Thomas laughed and went to make breakfast. By the time he and Jamie were tucking in to something substantial, the door to the dining chamber creaked open again. Fulbert and Hugh vanished. Ambrose looked primed to flee, but sat back down when he saw it was only Victoria.
Only Victoria.
Connor looked at her and felt his mouth go dry.
By the saints, the wench was fetching, even with her hair slept on and in wild disarray.
And she sat, without even the barest of hesitations, next to him.
It wasn’t as if there weren’t other places vacant.

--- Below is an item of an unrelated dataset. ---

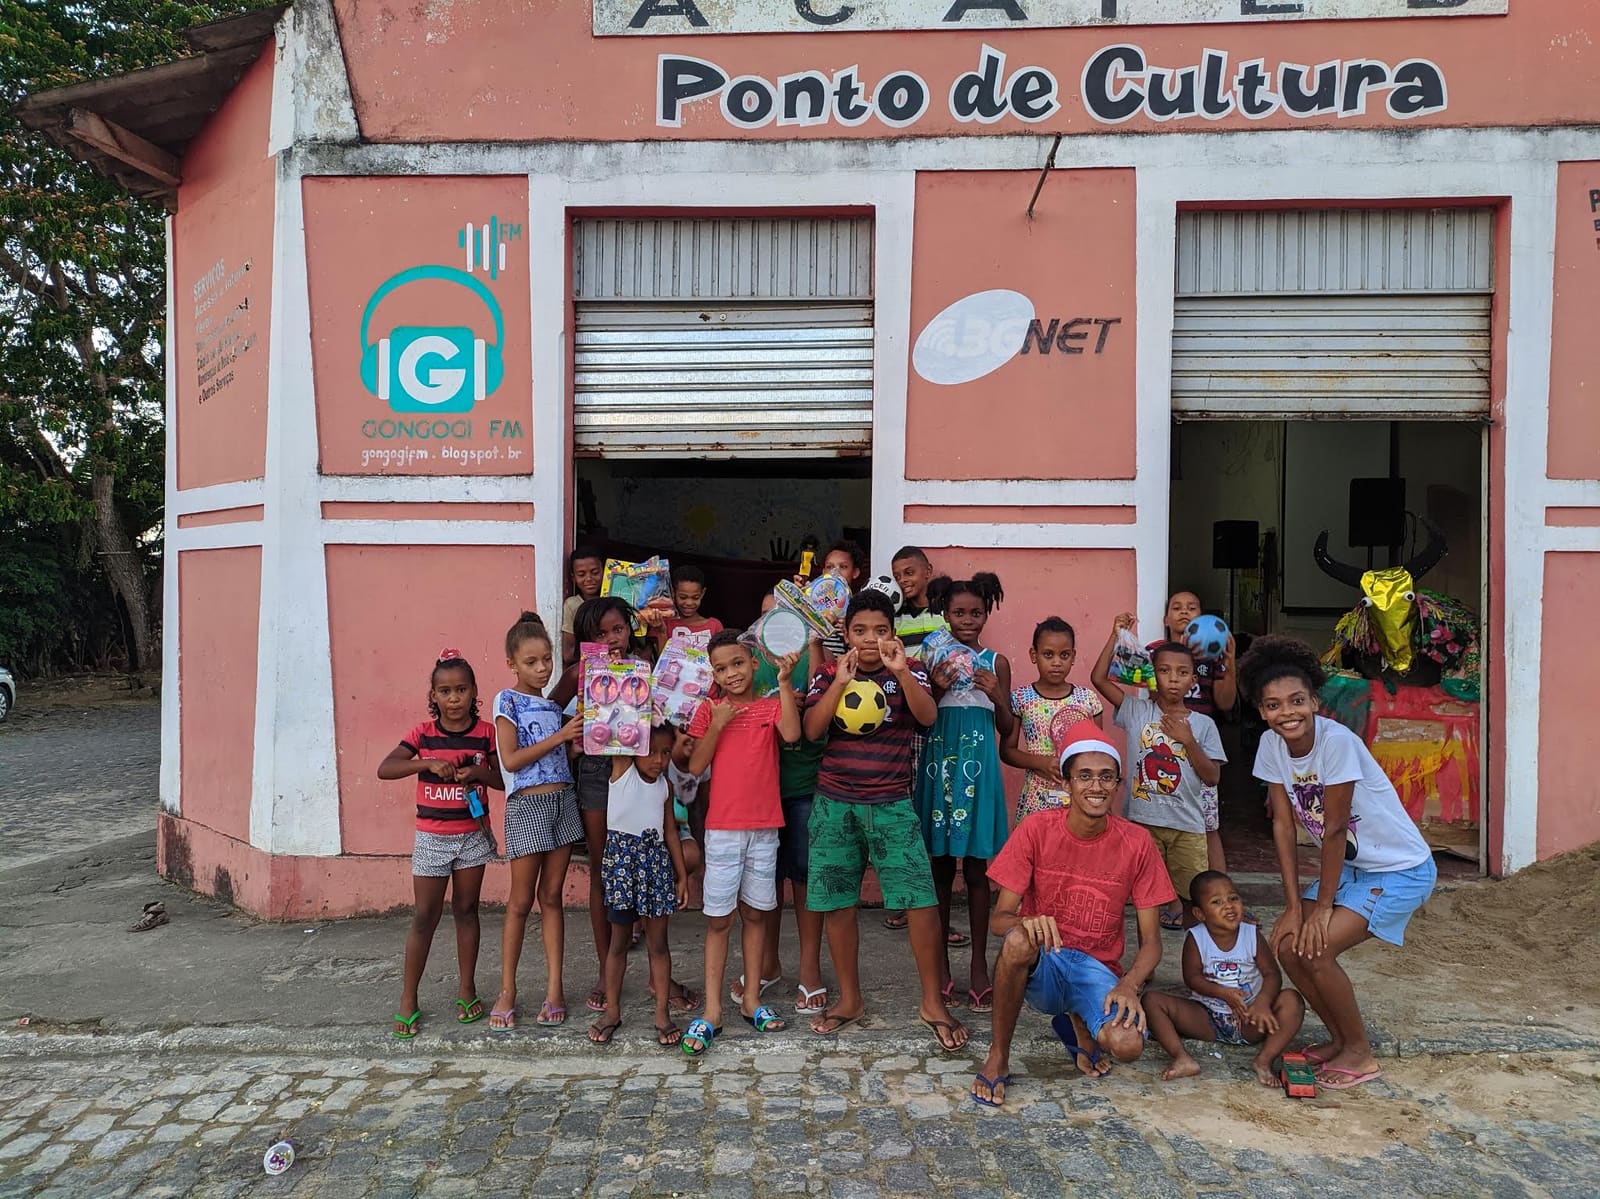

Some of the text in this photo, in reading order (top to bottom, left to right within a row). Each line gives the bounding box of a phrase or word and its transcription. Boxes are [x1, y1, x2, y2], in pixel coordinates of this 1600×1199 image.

Of course, Hugh and Fulbert took care of those other empty seats immediately after she sat down, but no matter. She had chosen the place next to him.
And then she smiled at him. “You’re awake early.”

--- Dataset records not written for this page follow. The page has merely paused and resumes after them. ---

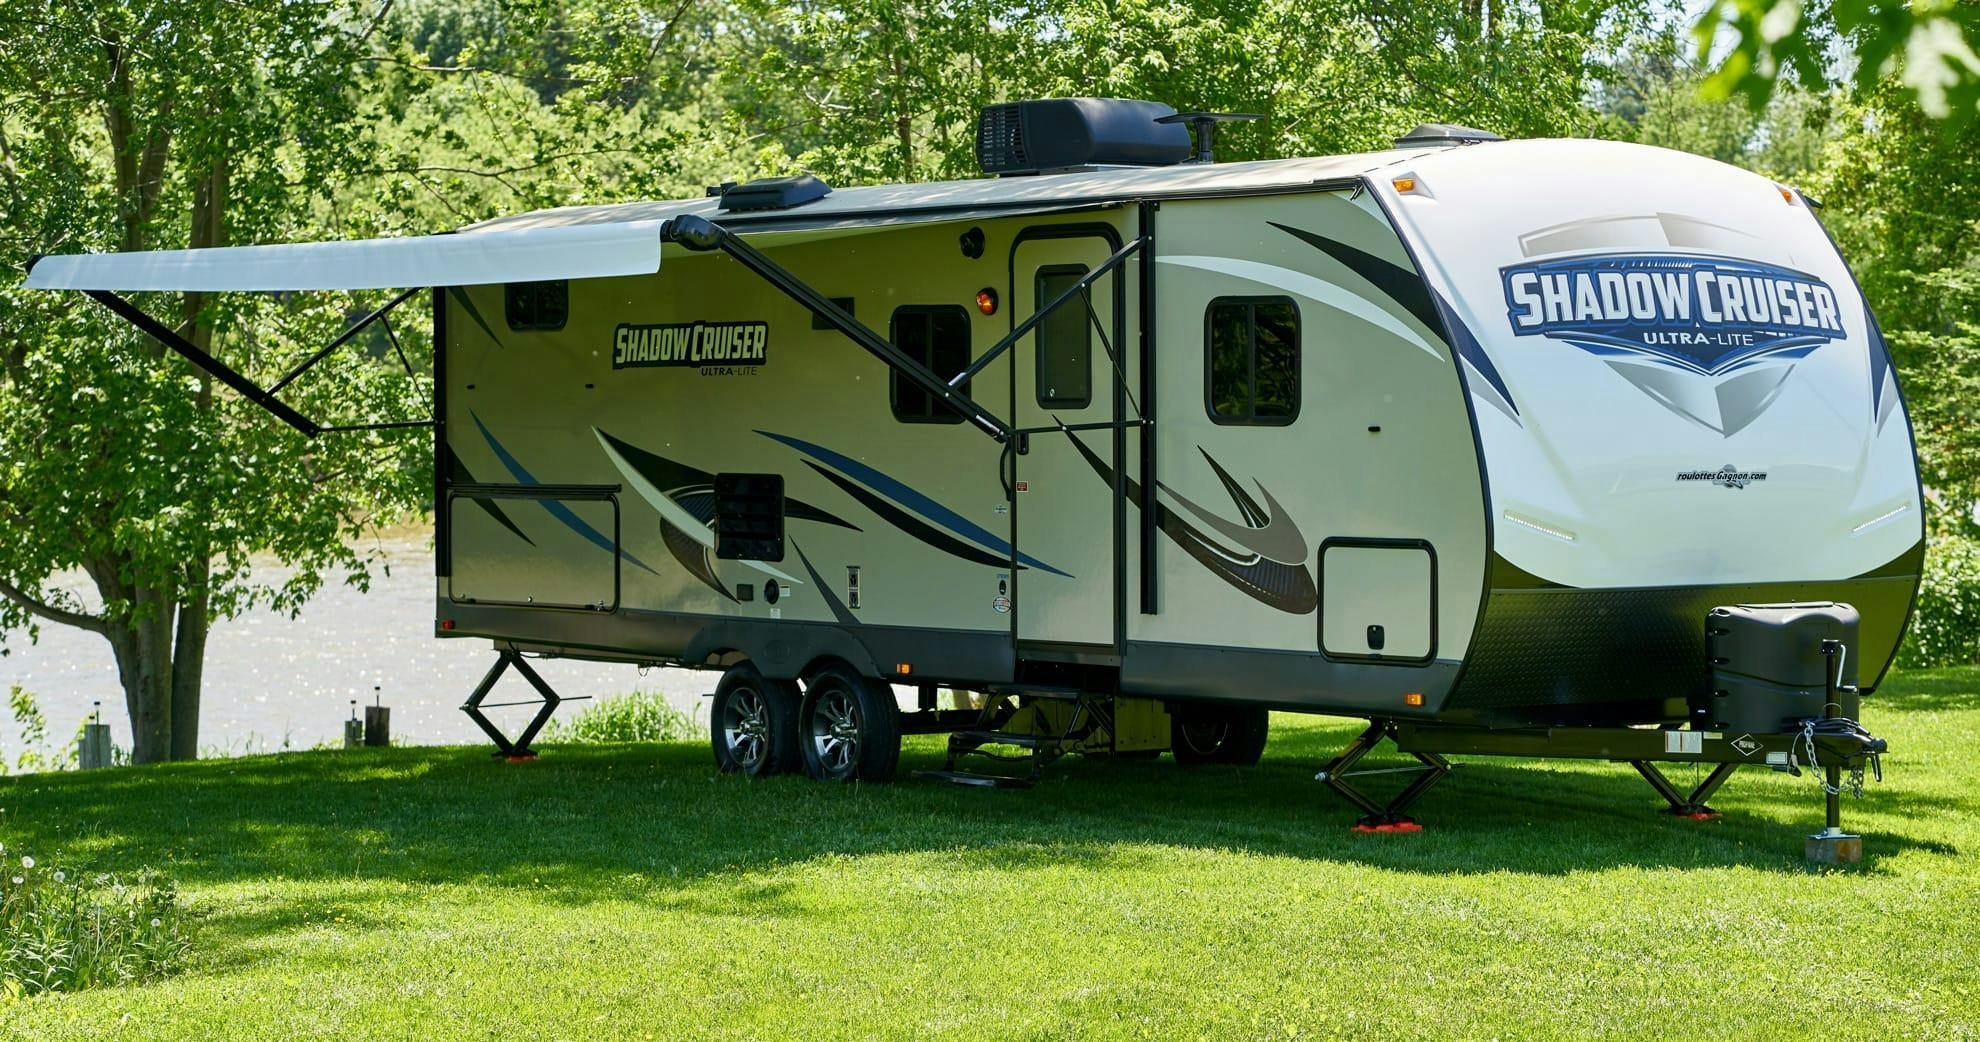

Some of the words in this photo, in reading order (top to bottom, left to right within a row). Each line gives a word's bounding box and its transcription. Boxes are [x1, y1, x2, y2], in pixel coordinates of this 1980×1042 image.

[1511, 271, 1690, 327] SHADOW
[1695, 270, 1841, 331] CRUISER
[615, 327, 691, 364] SHADOW
[691, 325, 766, 362] CRUISER
[1643, 331, 1754, 347] ULTRA-LITE
[701, 366, 757, 377] ULTRA-LITE

Thomas spewed his tea all over his breakfast. “And how,” he gurgled unattractively, “would you know that?”
Victoria looked at her brother with distaste. “Clean up the table, would you?”

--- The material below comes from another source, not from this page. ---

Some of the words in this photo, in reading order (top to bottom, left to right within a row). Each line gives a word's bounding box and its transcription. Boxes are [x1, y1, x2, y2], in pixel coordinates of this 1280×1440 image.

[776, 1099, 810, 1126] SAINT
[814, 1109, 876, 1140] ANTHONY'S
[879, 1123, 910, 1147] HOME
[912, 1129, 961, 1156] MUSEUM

“How would you know that his appearance at breakfast today is any earlier than any other day?”
“I know just because I know and the how of it is none of your business.”
Thomas fetched a rag and returned with it, his eyes twinkling with an unholy amusement. “I see.”
Victoria took the rag from him, cleaned the table, then flung the sopping wet cloth with great force into Thomas’s face.
“Well done,” Connor said approvingly.
Thomas grinned unrepentantly. “She’s not usually this friendly with her bodyguards.”
Friendly. There went that word again. Connor looked at Victoria. “Bodyguard?”
“You know,” Thomas said, “like a garrison knight committed to looking after only one person until he’s relieved of his duties. Bodyguard.”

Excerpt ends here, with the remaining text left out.